Bad is stronger than good makes “this is good” arguments much weaker than “equivalent” arguments that come from a “bad” standpoint
Moral dimensions – liberals are happiest with the fairness and prevention of harm moral dimensions, but less liberal people need more moral dimensions to get a complete picture – they need a purity/sanctity aspect, a membership in a group aspect, and a respect for authority aspect. Adding these dimensions can alienate liberals in some cases – this is slightly tricky – but can make arguments much more compelling to less liberal people.
There’s strong underlying evidence that everyone, literally, wants the goals of progressive policies – a majority of Americans wants public health care, for example. You have to phrase the question right, but if you do, you get the result that people think health care is a public good, and should be treated as such. But, if you simply make the argument that public health care is good for us, it’s more fair, and it will prevent harm to more people, that’s not a very strong argument.
How do you make it stronger? You invoke some group membership. Like “You probably have a friend who’s been bankrupted by a serious illness. And if you don’t, it could still happen to you.” This combines a “bad” argument (bankruptcy due to a serious illness) with a group membership argument (you or a friend of yours). You can invoke an anti-group membership argument, like “The Congress has one of the best health care plans in the world, paid for by you and me. Why should they have something they won’t give us?” That create a “bad group” versus “good group” dichotomy.
What about sanctity and authority in the health care argument? Well, “what would Jesus do?” Does Jesus think our healthcare should be controlled by the money-changers, which is what insurance companies have become? There are many Bible verses that could be used to talk about healthcare. And authority? Eisenhower and Nixon were both in favor of universal healthcare. So were the founders – at least Jefferson and Lincoln. (You might have to do some digging to find the writings or speeches to support concepts like universal health care, but there’s much that’s appropriate to this topic.)

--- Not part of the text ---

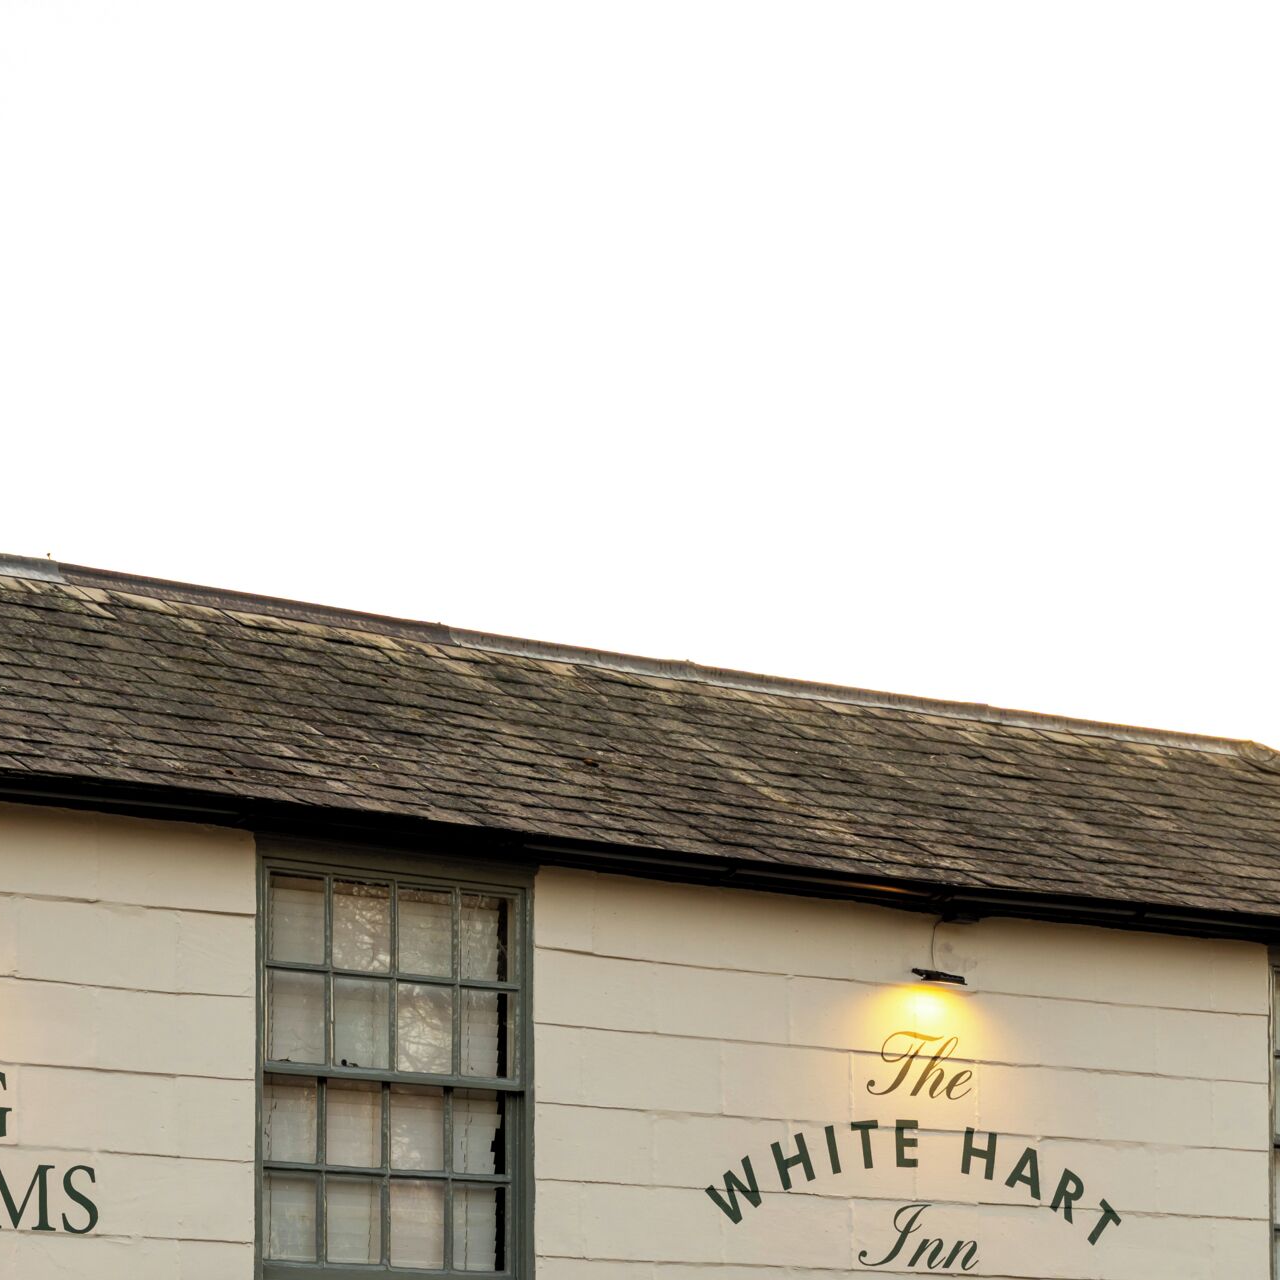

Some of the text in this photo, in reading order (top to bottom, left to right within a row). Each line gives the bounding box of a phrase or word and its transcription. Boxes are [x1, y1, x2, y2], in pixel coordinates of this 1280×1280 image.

One thing to note is that there are some particular authorities that work in this context, and some that don’t. Not just any president will do, of course. And no current politician is authority enough. You need to go back to Jefferson, Lincoln, Washington, or Jesus or Moses. Of course for smaller scale policies, you can also use the police and the military as your authority – and in particular you need to not flout those authorities in your positions and policies.
For purity and sanctity, Jesus is often good. But remember that part of this is just about cleanliness and anti-disgusting-ness. And about not breaking the taboo-related rules of society (public nudity was one I talked about a few posts ago).
Leaving the realm of “Occupy” stories for a while, let’s see if we can apply the five moral dimensions of political decision making to another topic. I’m thinking of the controversy about the TLC show “All-American Muslims” and the fact that Lowes pulled out as an advertiser due to a “boycott” from an organization called The Florida Family Foundation. There are several ways to approach this, and I’m going to cover several of them.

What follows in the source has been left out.